Once the appropriate toolkit has been accessed, it can be used to access
the various services as needed. For example, in the JspServlet implementation,
it could be used to create a cache for storing frequently used jsp page
handlers like so:
public Cache getCache(){
if(jsps == null){
int cache_size = CacheDefaults.JSP_CACHE_SIZE;
String sz = cfg.getParameter(JSP_CACHE_SIZE_PARAM);
if(sz!=null){
try{
cache_size = Integer.parseInt(sz);
}catch(NumberFormatException e){
cache_size = CacheDefaults.JSP_CACHE_SIZE;
}
}
jsps = getToolkit().createCache(cache_size, cache_size/4);
}
return jsps;
}
Given the above Cache, the service() method of JspServlet becomes
as simple as:
public void service(HttpServletRequest request,
HttpServletResponse response)
throws ServletException, IOException {
try {
String includeUri = (String) request.getAttribute(
JspConstants.INC_SERVLET_PATH);
String jspUri;
if(includeUri == null){
jspUri = request.getServletPath();
}else{
jspUri = includeUri;
}
JspServletPageHandler jph = (JspServletPageHandler)
getCache().get(jspUri);
if (jph == null) {
jph = (JspServletPageHandler)
getToolkit().createJspPageHandler(jspUri);
getCache().put(jspUri, jph);
jph.setParent(this);
}
jph.service(request, response);
} catch (Throwable t) {
//deal with exceptions, blah blah...;
}
}
That is about the extent of the JspServlet implementation's scope
of responsibility, barring a few details here and there.

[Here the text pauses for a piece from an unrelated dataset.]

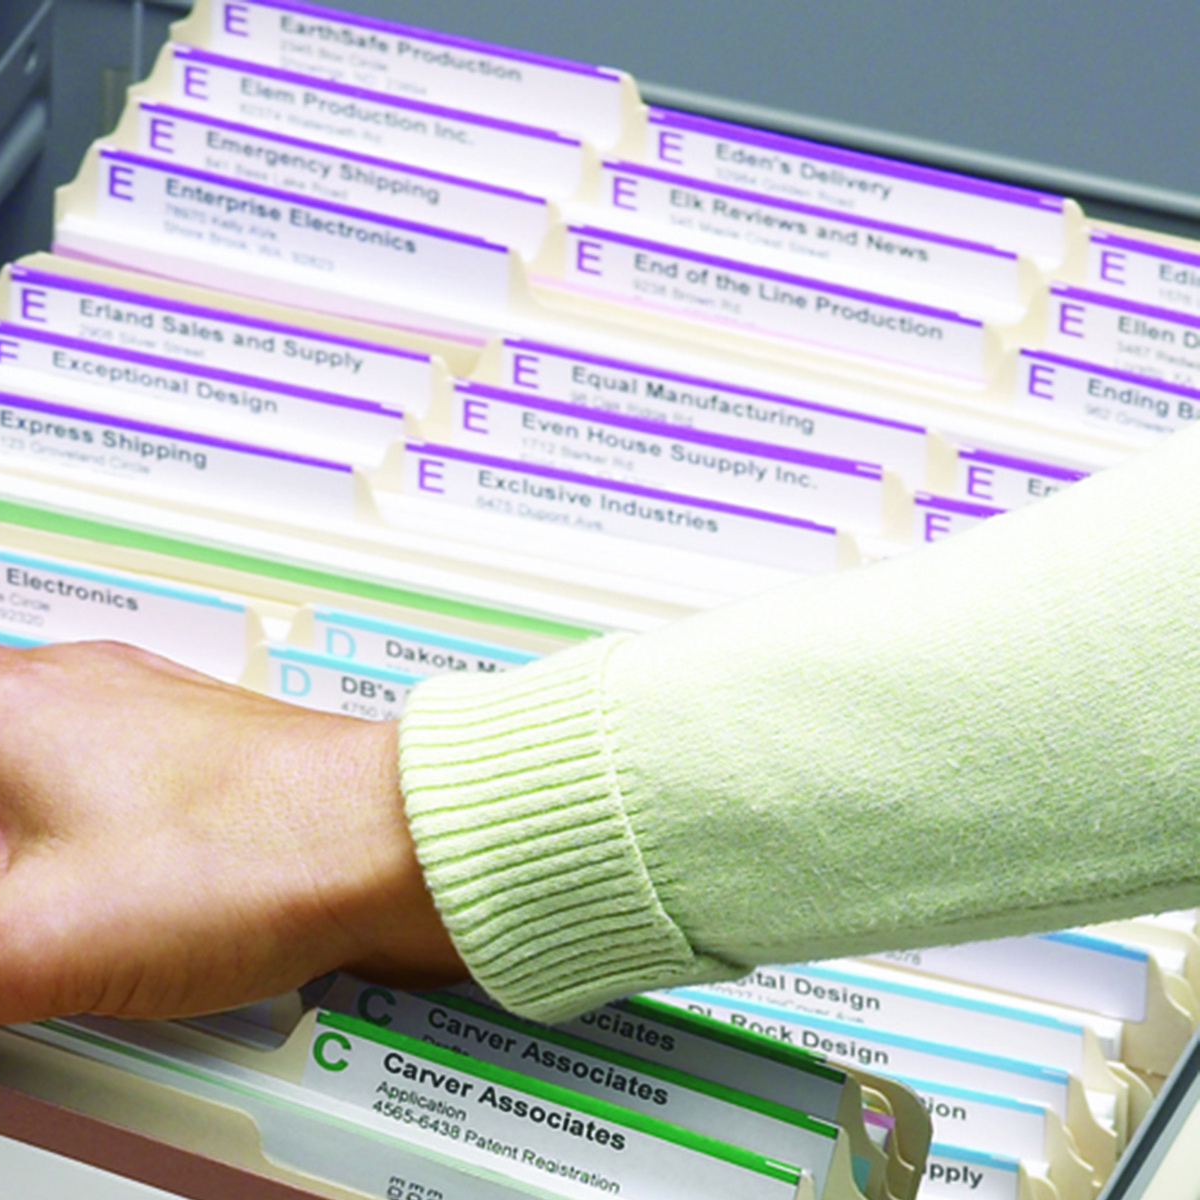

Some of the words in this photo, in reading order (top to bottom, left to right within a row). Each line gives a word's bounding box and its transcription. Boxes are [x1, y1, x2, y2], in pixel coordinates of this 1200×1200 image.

The proposal currently calls for the creation of the following packages,
in addition to the org.apache.jasper34.toolkit package described above:
package | description |
org.apache.jasper34.resources | contains the default Toolkit.properties file |
org.apache.jasper34.servlet | contains the JspServlet implementation |
org.apache.jasper34.util | contains various utility classes and interfaces. |
Currently, the util package contains both classes specific to
Jasper implementations, such as JspMangler, and more generalized utilities
such as the Cache interface and some Cache implementations. The latter
classes may be good candidates for the jakarta commons project.

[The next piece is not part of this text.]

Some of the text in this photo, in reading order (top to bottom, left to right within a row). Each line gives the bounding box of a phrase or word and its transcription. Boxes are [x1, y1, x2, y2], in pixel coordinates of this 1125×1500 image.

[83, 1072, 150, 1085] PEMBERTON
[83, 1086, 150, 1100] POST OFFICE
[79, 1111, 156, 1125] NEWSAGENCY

I am welcome to suggestions on package rearranging.
This effort is being developed in Together and the start of
a UML class model in javadoc form is available to look at here.

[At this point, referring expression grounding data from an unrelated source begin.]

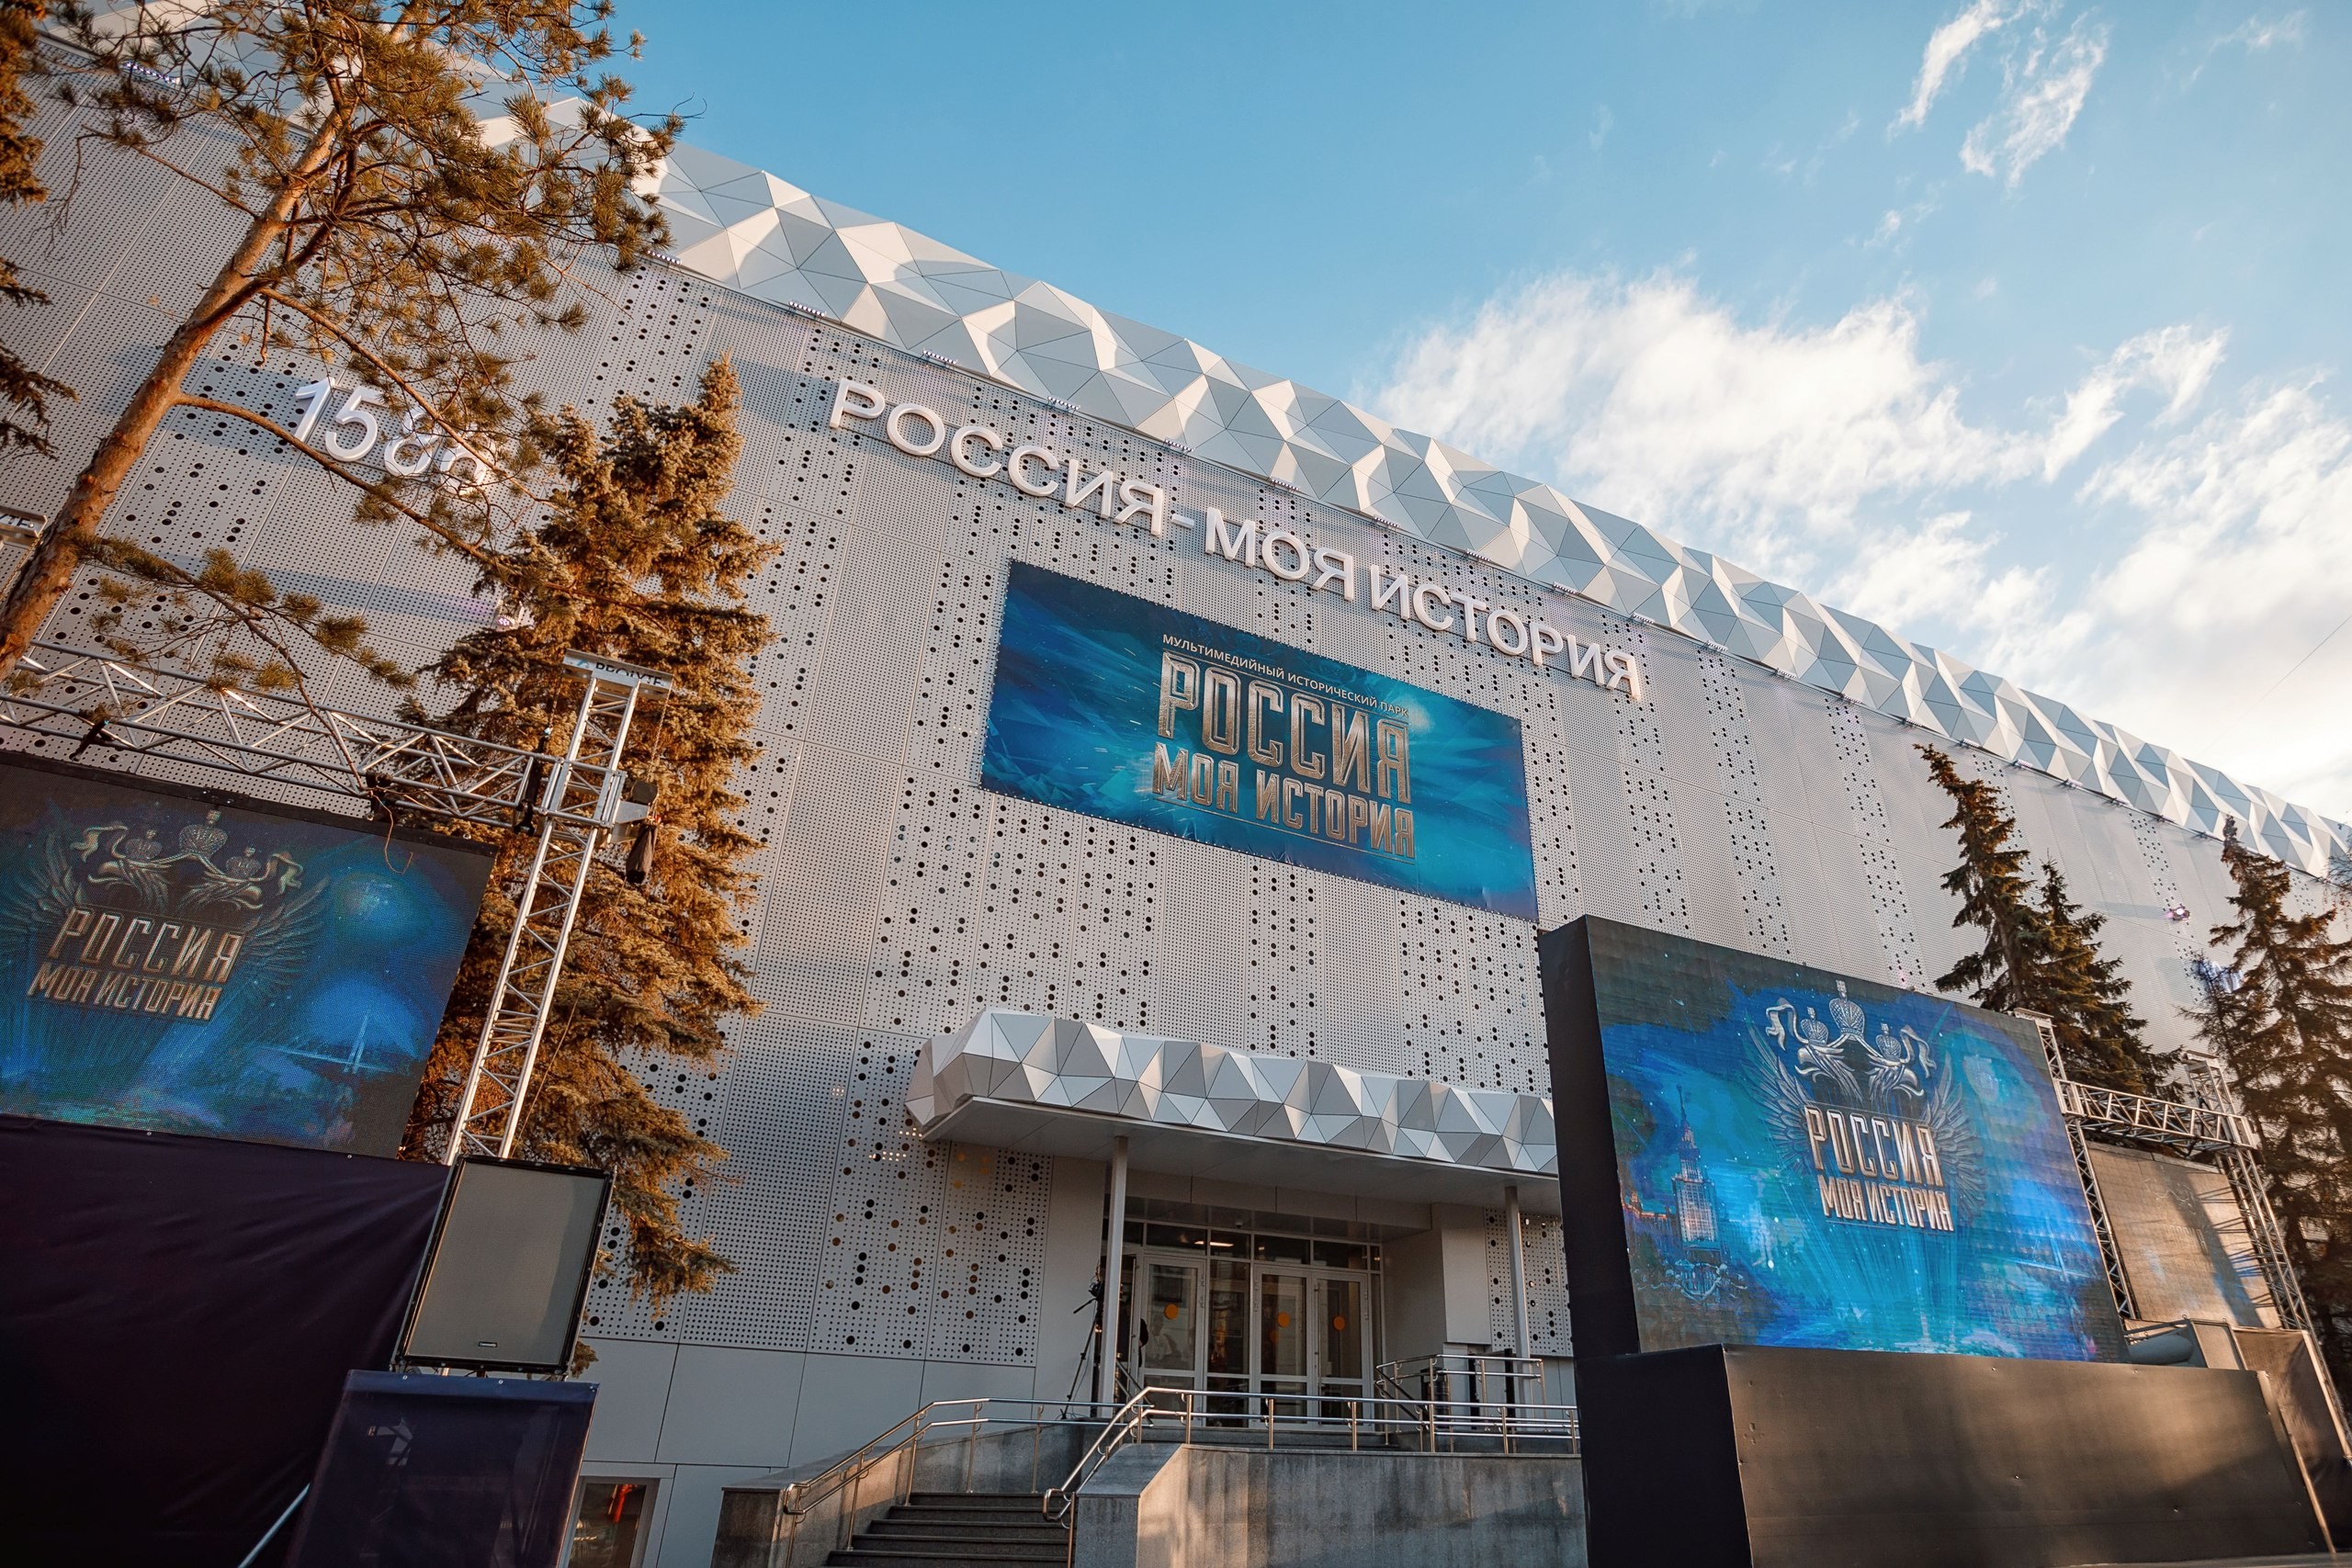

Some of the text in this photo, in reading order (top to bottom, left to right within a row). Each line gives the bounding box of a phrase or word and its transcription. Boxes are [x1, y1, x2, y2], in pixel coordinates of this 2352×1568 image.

[1204, 507, 1355, 602] МОЯ
[1370, 563, 1641, 700] ИСТОРИЯ
[1162, 633, 1408, 717] МУЛЬТИМЕДИЙНЫЙ ИСТОРИЧЕСКИЙ ПАРК
[1158, 651, 1412, 805] РОССИЯ
[1151, 741, 1416, 859] МОЯ ИСТОРИЯ
[48, 906, 245, 985] РОССИЯ
[26, 961, 223, 1021] МОЯ ИСТОРИЯ
[1804, 1104, 1945, 1188] РОССИЯ
[1816, 1173, 1955, 1233] МОЯ ИСТОРИЯ

This should (hopefully) reveal many details of the strategy that
are not yet explained clearly in this document. The classes stubbed
out via the model, including some actual implemented code are in the src/jasper34
directory of the tomcat 3.3 cvs distribution. None of this code is
yet in the compilable state yet, as many of the interfaces are still being
developed. More than a few constants are currently in flux as to
where (in what class) they will ultimately reside.